It may long be said that Nicklaus made the finest putt of his life Sunday on the final hole of the playoff, where he slammed a howling monster of a shot that carried over Granny Clark's Wynd, the little road that crosses the course, and blazed up to the high grass behind the green, merely 370 yards.

Sanders had crept up from four strokes behind in the last four holes and now was within one sinister stroke. No one could ever know how he had done it. He was just a nervy veteran hanging on with some kind of instinct. Sanders took out a four-iron and hit a run-up shot through the Valley of Sin that he should have hit on Saturday, within four feet of the cup. And so it was up to Jack. He came out of the tough, high grass with about as gutsy a wedge shot as one will ever see and left himself an eight-footer for the whole thing. With the patience only Nicklaus can display, with the confidence of a man who felt the championship truly belonged to him, he jammed it in. Two nights before, Gay Brewer had said, "Jack's in the mood to win. You can tell by the way he swings that he's ready. And when he's ready, it's all over." It was all over now.

For you history fans, it was Jack's 10th major championship in a career that, if it continues, can drown all the records of the Bobby Joneses and Walter Hagens for all time.
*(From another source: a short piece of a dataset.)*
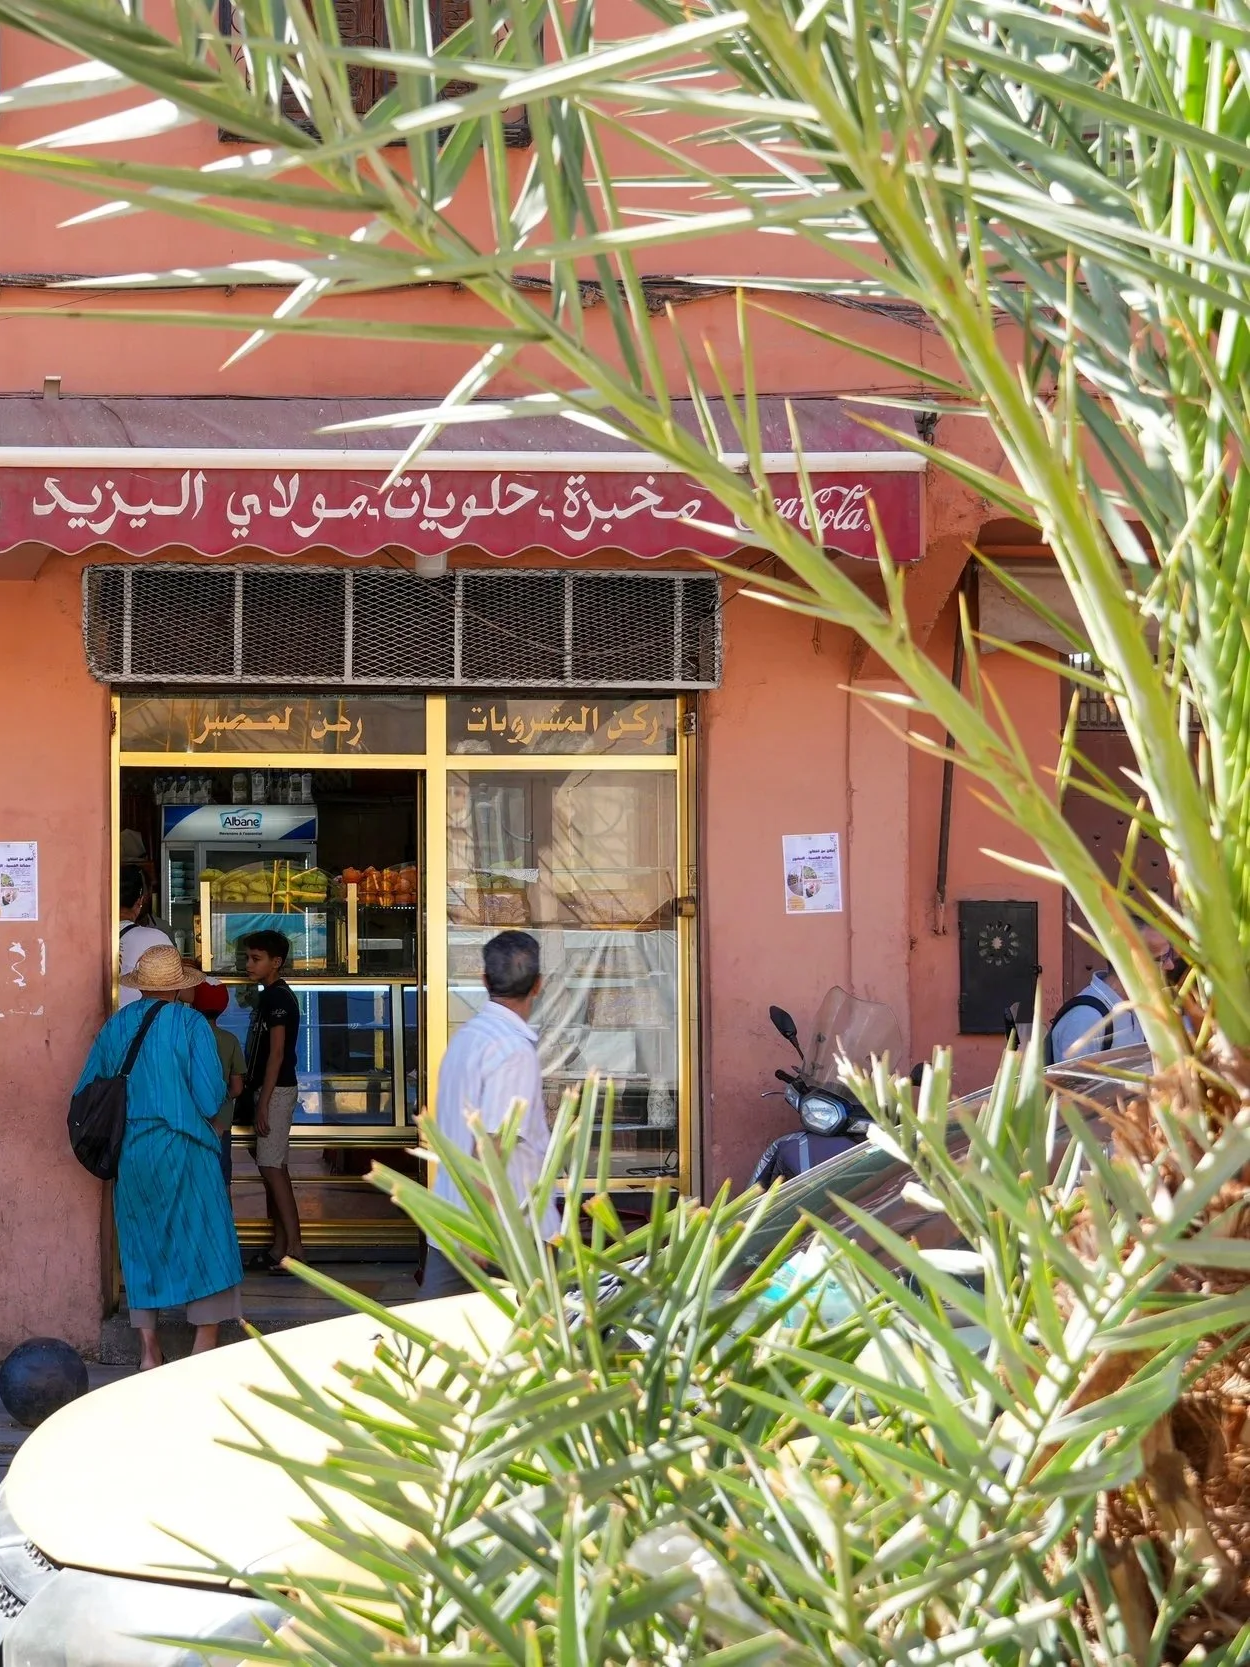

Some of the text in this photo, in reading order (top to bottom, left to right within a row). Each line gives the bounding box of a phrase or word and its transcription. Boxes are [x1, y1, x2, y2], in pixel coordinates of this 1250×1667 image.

[32, 469, 702, 541] مخبزة حلويات مولاي اليزيد
[607, 703, 658, 746] ركن
[223, 816, 261, 827] Albane
Let's see: two British Opens to go along with his two U.S. Opens, his two U.S. Amateurs, his PGA and his three Masters titles. Only Jones (12) and Hagen (11) have won more. And Jack doesn't look like he's nearing retirement.

The British were happy in the end, one felt. Considering the exciting prospects of the four big challengers going at it in the fourth round—Nicklaus, Jacklin, Trevino and Sanders—one old Scot had said, "Quite a show coming up, it appears, but whatever happens, we want a proper champion, don't we?"

Would Jack Nicklaus do?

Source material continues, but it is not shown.